> **DIRECTIONS**
Line by line, set down all the data below exactly, omitting any picture.

Records contained in a dataset
%%

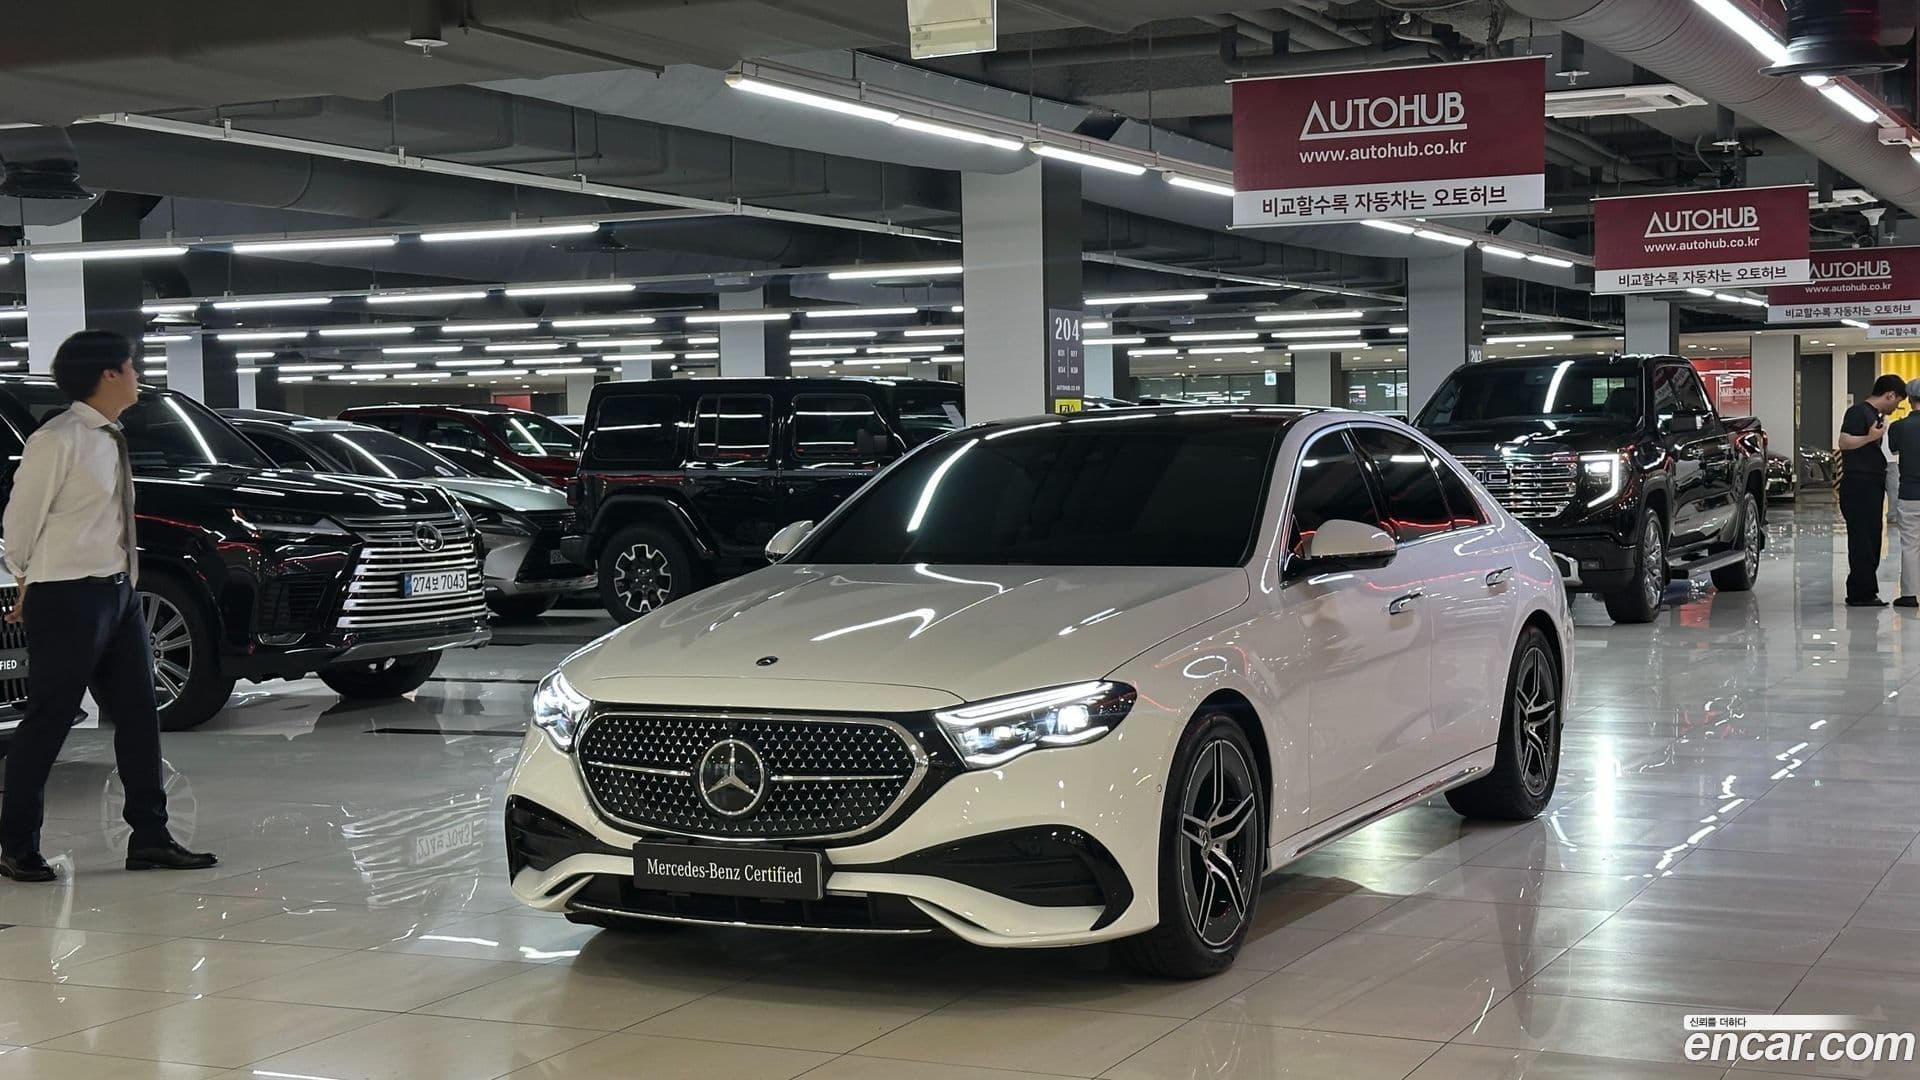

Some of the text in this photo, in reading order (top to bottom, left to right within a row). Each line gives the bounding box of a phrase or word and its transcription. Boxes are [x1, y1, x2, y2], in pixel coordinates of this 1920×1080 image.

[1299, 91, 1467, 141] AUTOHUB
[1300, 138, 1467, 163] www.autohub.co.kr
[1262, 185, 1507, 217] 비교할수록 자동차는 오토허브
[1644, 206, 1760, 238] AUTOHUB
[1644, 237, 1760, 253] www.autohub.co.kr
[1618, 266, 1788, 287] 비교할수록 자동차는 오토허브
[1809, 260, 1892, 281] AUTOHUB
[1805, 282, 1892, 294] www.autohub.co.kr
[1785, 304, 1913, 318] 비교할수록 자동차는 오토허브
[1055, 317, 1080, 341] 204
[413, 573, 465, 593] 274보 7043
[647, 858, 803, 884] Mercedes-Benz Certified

%%

> **RESPONSE BELOW**
Some of the text in this photo, in reading order (top to bottom, left to right within a row). Each line gives the bounding box of a phrase or word and its transcription. Boxes are [x1, y1, x2, y2], in pixel coordinates of this 1920×1080 image.

[1299, 91, 1467, 141] AUTOHUB
[1300, 138, 1467, 163] www.autohub.co.kr
[1262, 185, 1507, 217] 비교할수록 자동차는 오토허브
[1644, 206, 1760, 238] AUTOHUB
[1644, 237, 1760, 253] www.autohub.co.kr
[1618, 266, 1788, 287] 비교할수록 자동차는 오토허브
[1809, 260, 1892, 281] AUTOHUB
[1805, 282, 1892, 294] www.autohub.co.kr
[1785, 304, 1913, 318] 비교할수록 자동차는 오토허브
[1055, 317, 1080, 341] 204
[413, 573, 465, 593] 274보 7043
[647, 858, 803, 884] Mercedes-Benz Certified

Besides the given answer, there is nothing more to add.